Cosby accuser unruffled under cross-examination
NORRISTOWN, Pa. — The cross-examination of Andrea Constand, the central accuser in the sexual assault case that could send Bill Cosby to prison for a decade or more, was anticipated as a slugging match for the ages.
For months, Cosby’s top-flight defense lawyers — and even a former Montgomery County district attorney — had vowed that Constand had irreparably harmed her own credibility with her behavior after the night of her alleged 2004 attack and in shifting stories she told police. They had sworn that once confronted in court, her accusation would collapse under the weight of its own inconsistencies.
But by the time she left the witness stand Wednesday, after hours of pointed defense questioning over two days, Constand had held firm.
“What was the one thing I asked you to do when I met you?” Assistant District Attorney Kristen Feden asked the 44-yearold former college basketball player just before her testimony concluded.
Constand replied: “Tell the truth.”
What the jury, however, made of Constand’s apparent unflappability remains an open question. Did she succeed in convincing them she was a victim of a 12-year-old sex crime or succumb to the defense portrayal of a woman who welcomed Cosby’s romantic overtures?
As cross-examination resumed Wednesday, Constand seemed unfazed when confronted by defense lawyer Angela Agrusa with the police statements and phone records she used to highlight to suggest holes in Constand’s account.
“I don’t know the contents of one to the other,” she said, when asked to explain slight differences between separate statements she gave to Cheltenham police in January 2005. “I can’t recall anything.”

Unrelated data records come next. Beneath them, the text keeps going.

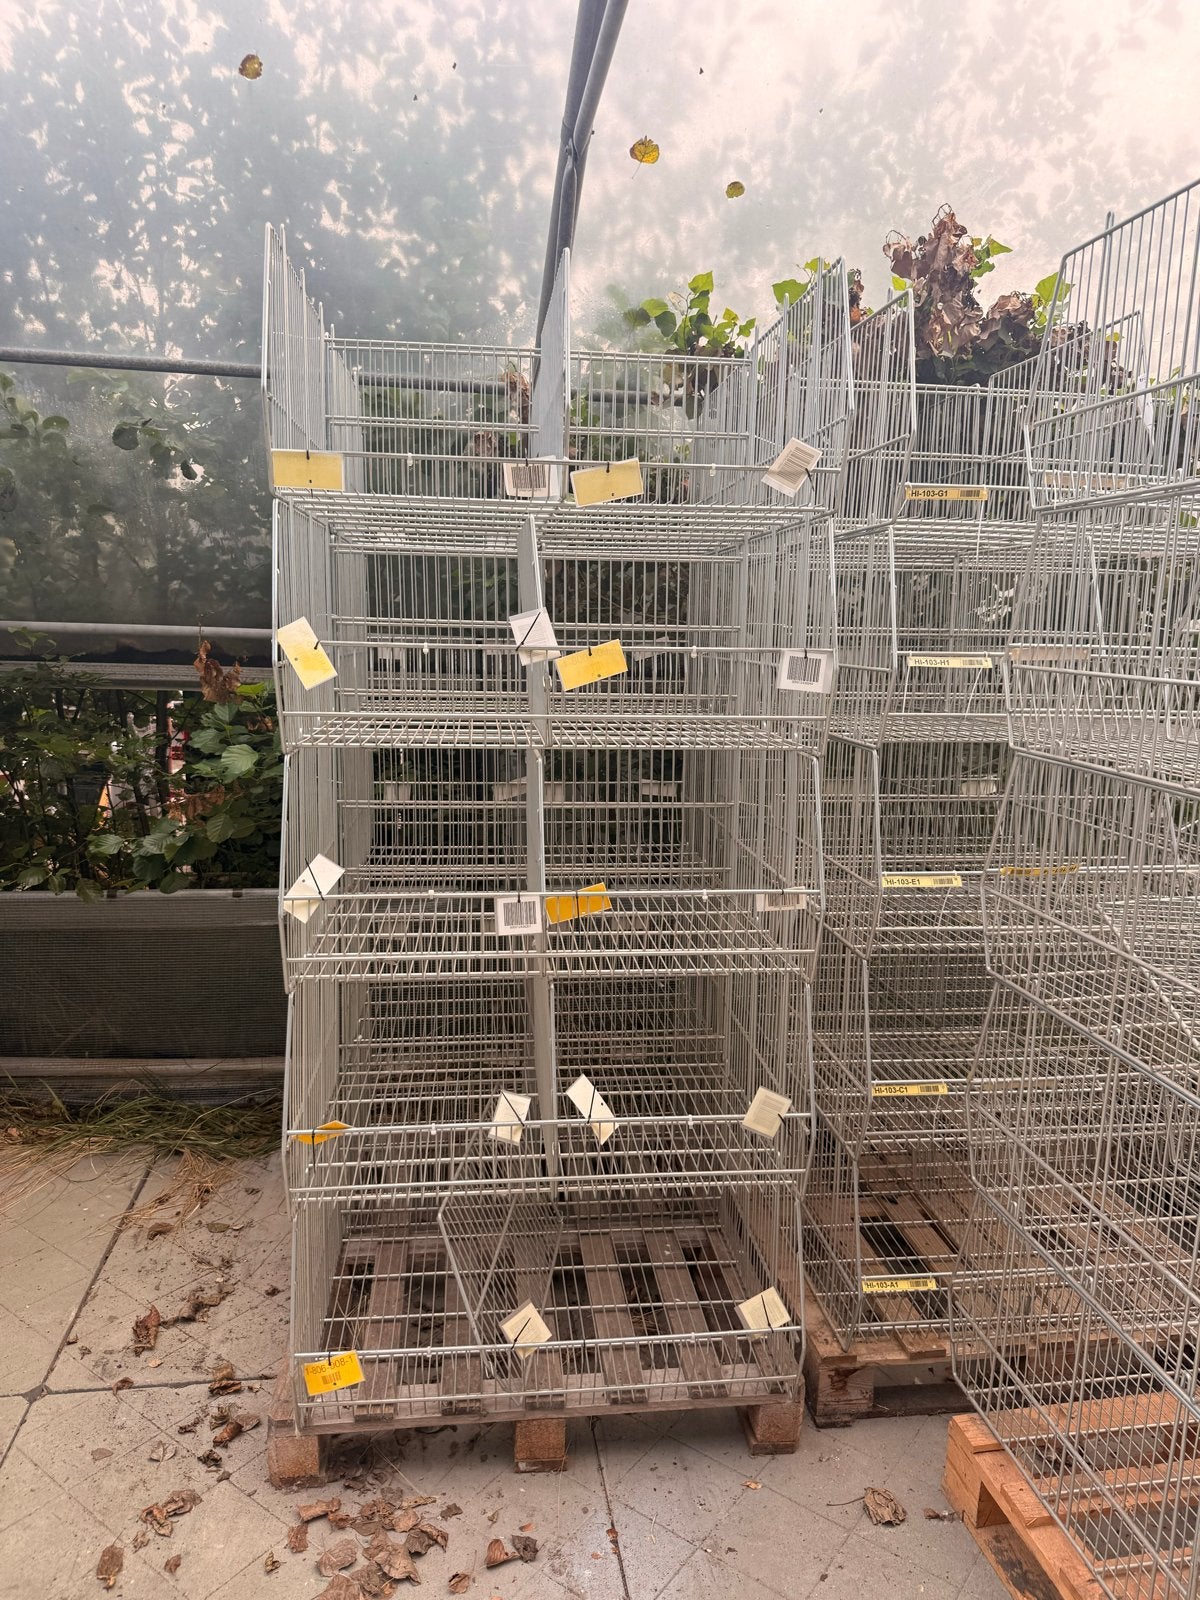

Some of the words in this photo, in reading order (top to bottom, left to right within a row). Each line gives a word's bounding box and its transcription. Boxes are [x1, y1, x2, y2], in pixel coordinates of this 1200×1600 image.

[911, 490, 948, 498] HI-103-G1
[886, 878, 921, 886] HI-103-E1
[874, 1086, 908, 1094] HI-103-C1
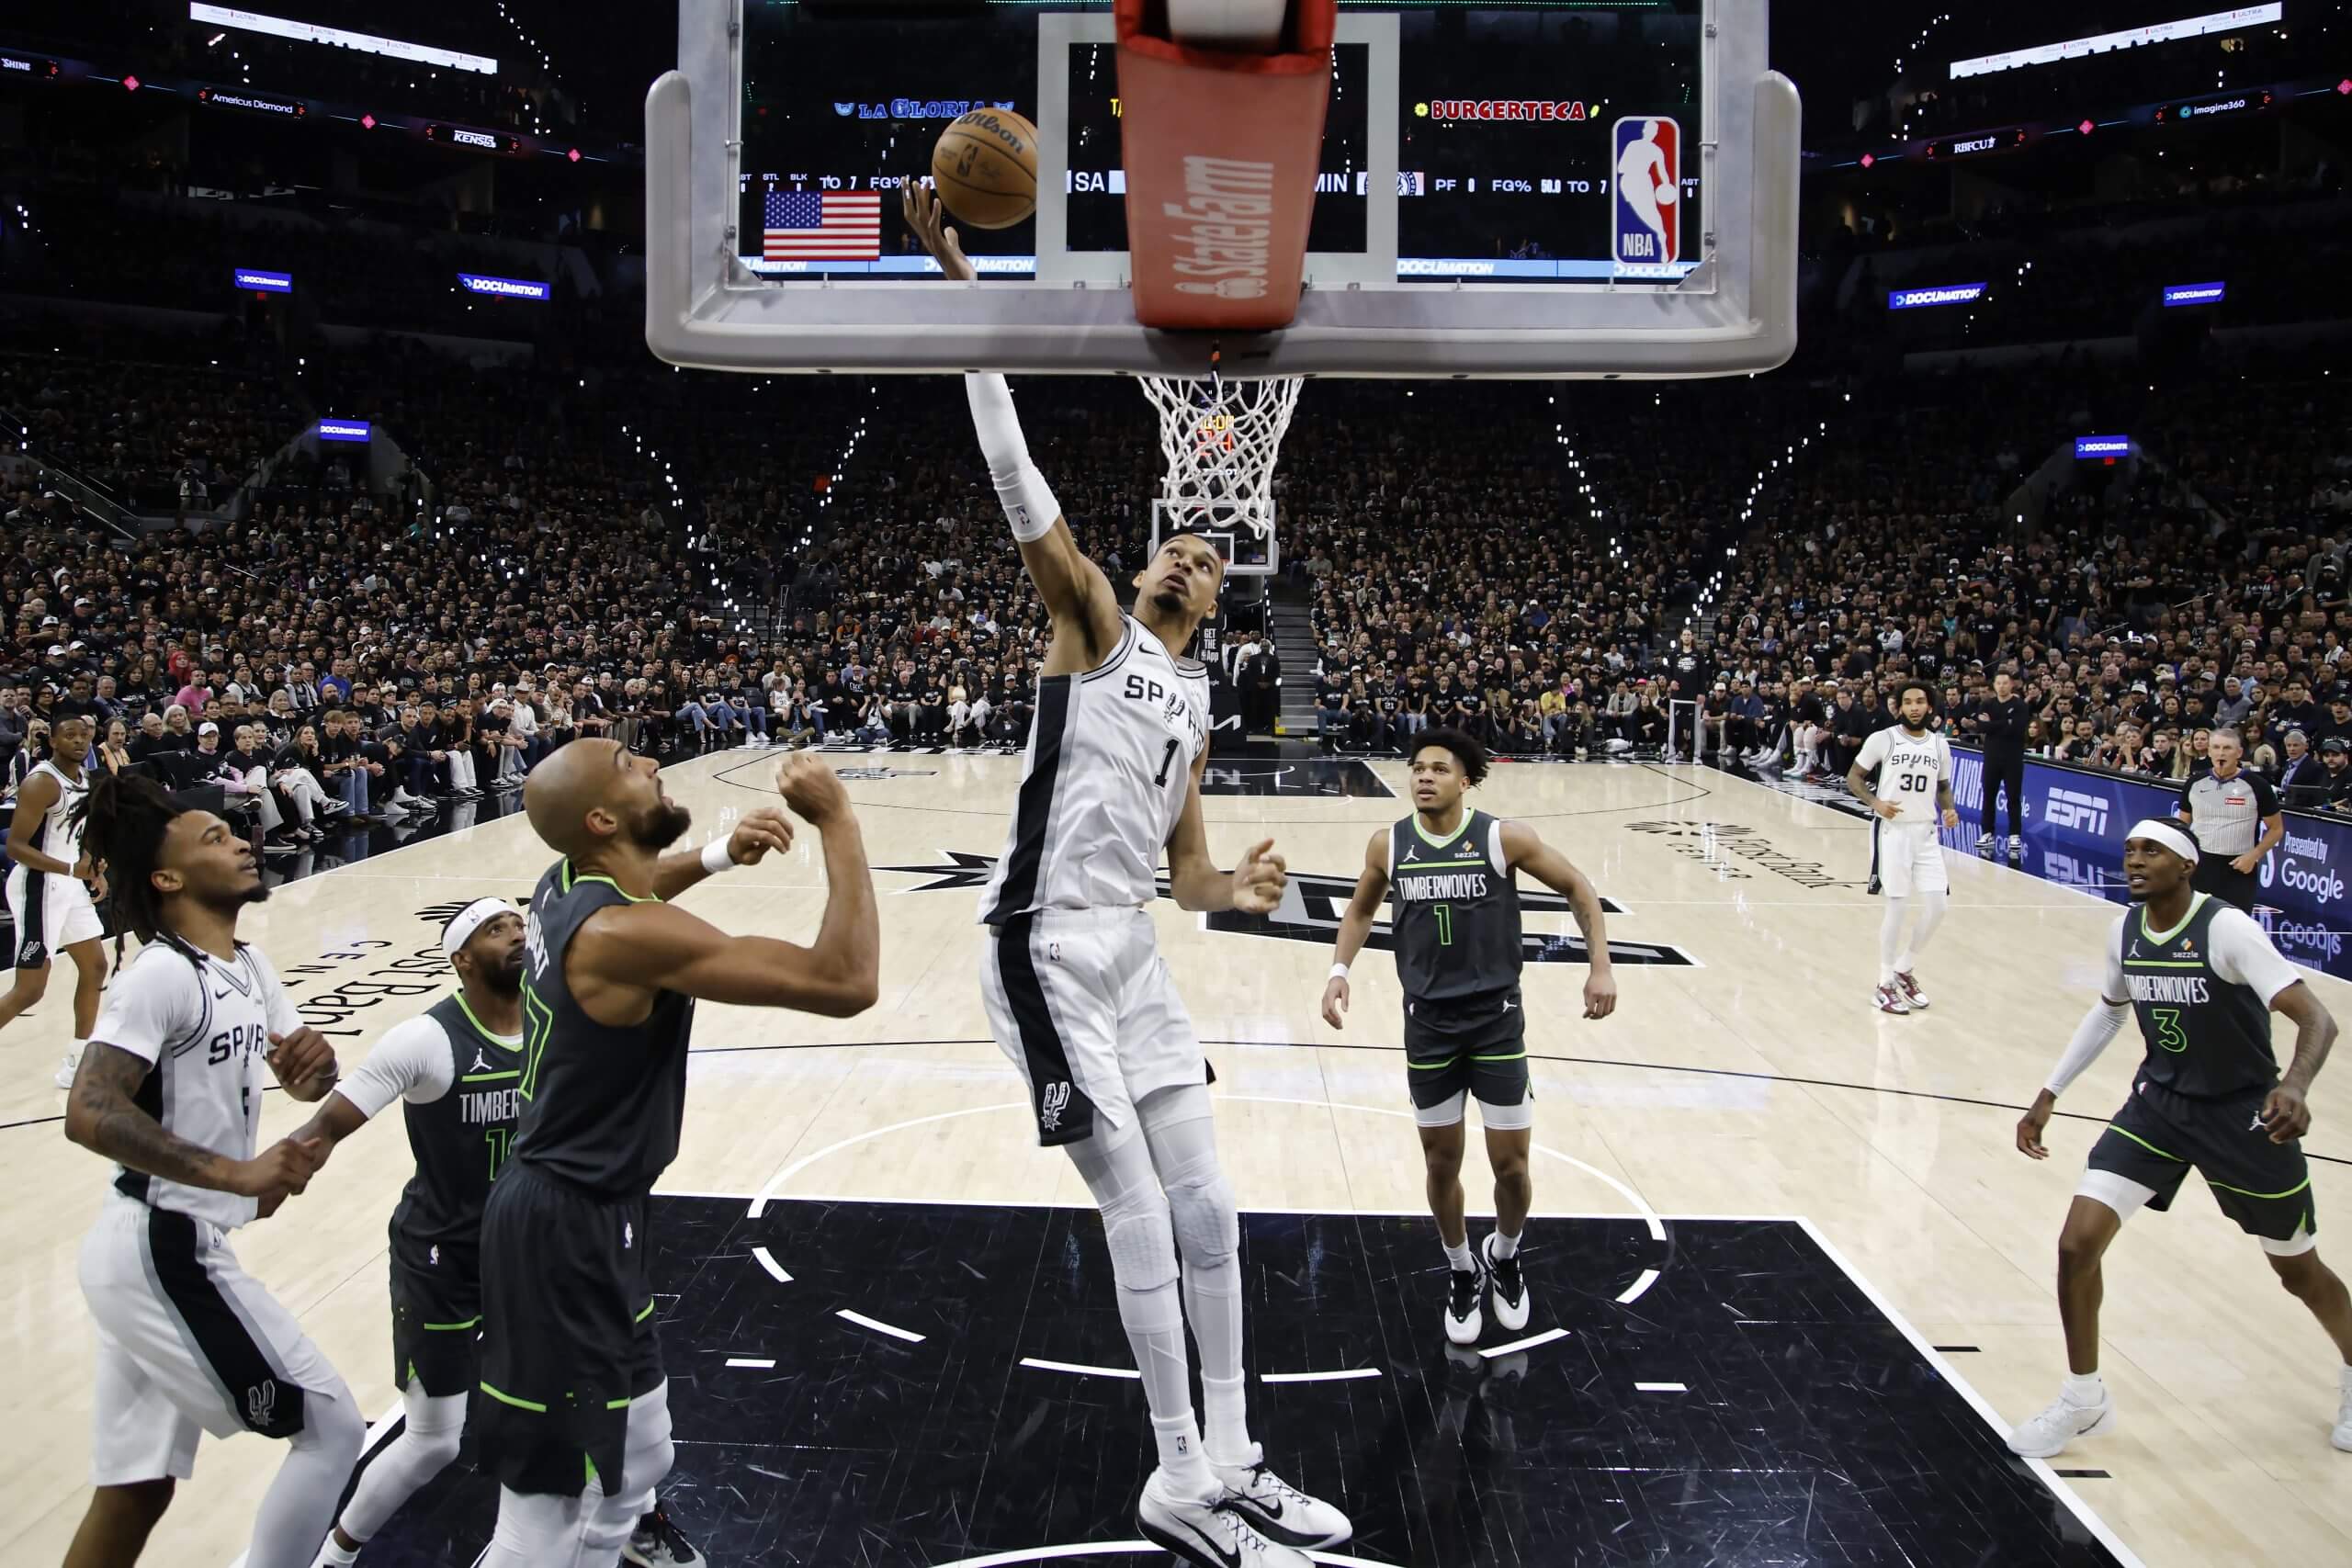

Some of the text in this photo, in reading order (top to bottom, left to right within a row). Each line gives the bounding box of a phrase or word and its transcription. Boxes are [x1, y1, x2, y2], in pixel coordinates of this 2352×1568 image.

[212, 94, 293, 114] Americus Diamond
[859, 104, 888, 118] LA
[1431, 100, 1586, 120] BURGERTECA
[2193, 99, 2245, 115] imagine360
[956, 112, 1024, 154] Wilson
[819, 176, 842, 189] TO
[1075, 172, 1105, 192] SA
[1435, 179, 1457, 191] PF
[1492, 179, 1532, 193] FG%
[1567, 180, 1589, 193] TO
[1600, 180, 1607, 194] 7
[1623, 233, 1655, 256] NBA
[472, 278, 544, 297] DOCUMATION
[1905, 288, 1981, 305] DOCUMATION
[1204, 627, 1216, 639] GET
[1204, 638, 1216, 649] THE
[1206, 649, 1219, 662] App
[1153, 737, 1182, 791] 1
[1900, 773, 1928, 793] 30
[2044, 786, 2109, 836] ESPN
[2284, 830, 2318, 860] Presented
[2318, 838, 2328, 864] by
[1397, 874, 1487, 903] TIMBERWOLVES
[2281, 857, 2344, 904] Google
[1433, 904, 1453, 946] 1
[2124, 974, 2210, 1007] TIMBERWOLVES
[2153, 1009, 2188, 1053] 3
[209, 1023, 267, 1066] SPUR
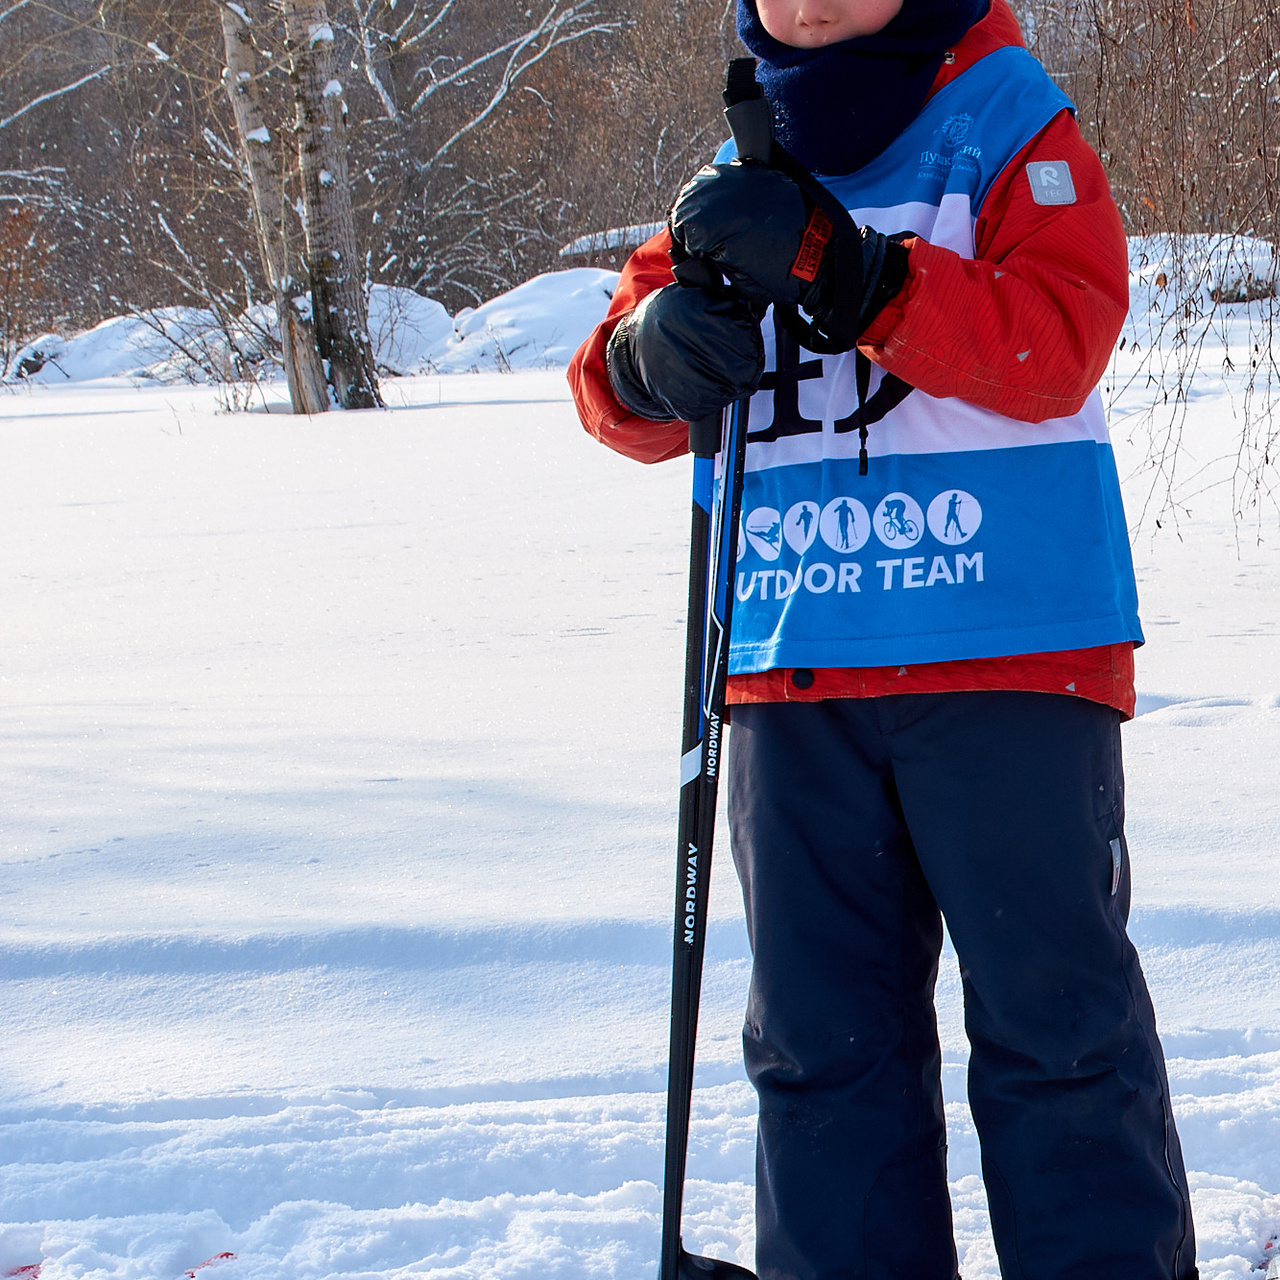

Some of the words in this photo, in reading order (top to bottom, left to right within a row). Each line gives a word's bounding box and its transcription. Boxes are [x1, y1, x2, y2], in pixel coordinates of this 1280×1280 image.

[920, 144, 982, 166] Пушкий
[875, 552, 985, 590] TEAM
[706, 711, 721, 777] NORDWAY
[683, 841, 700, 945] NORDWAY

Constand answered questions in the same calm manner she showed on Tuesday, when for the first time she publicly described in detail the attack that led to Cosby’s arrest on aggravated indecent assault charges.
And while jurors focused on her responses from the stand, Cosby offered little in the way of reaction.
Addressing her politely as “ma’am,” Agrusa suggested that Constand changed the date she originally said she was attacked by Cosby after obtaining her own phone records and realizing she had been awake and calling friends on the night she claimed to have been assaulted.
Cosby has maintained since Constand first came forward that the two shared several consensual romantic dalliances.
He has denied assaulting Constand or any of the more than 60 other women who have accused him of sexual misconduct.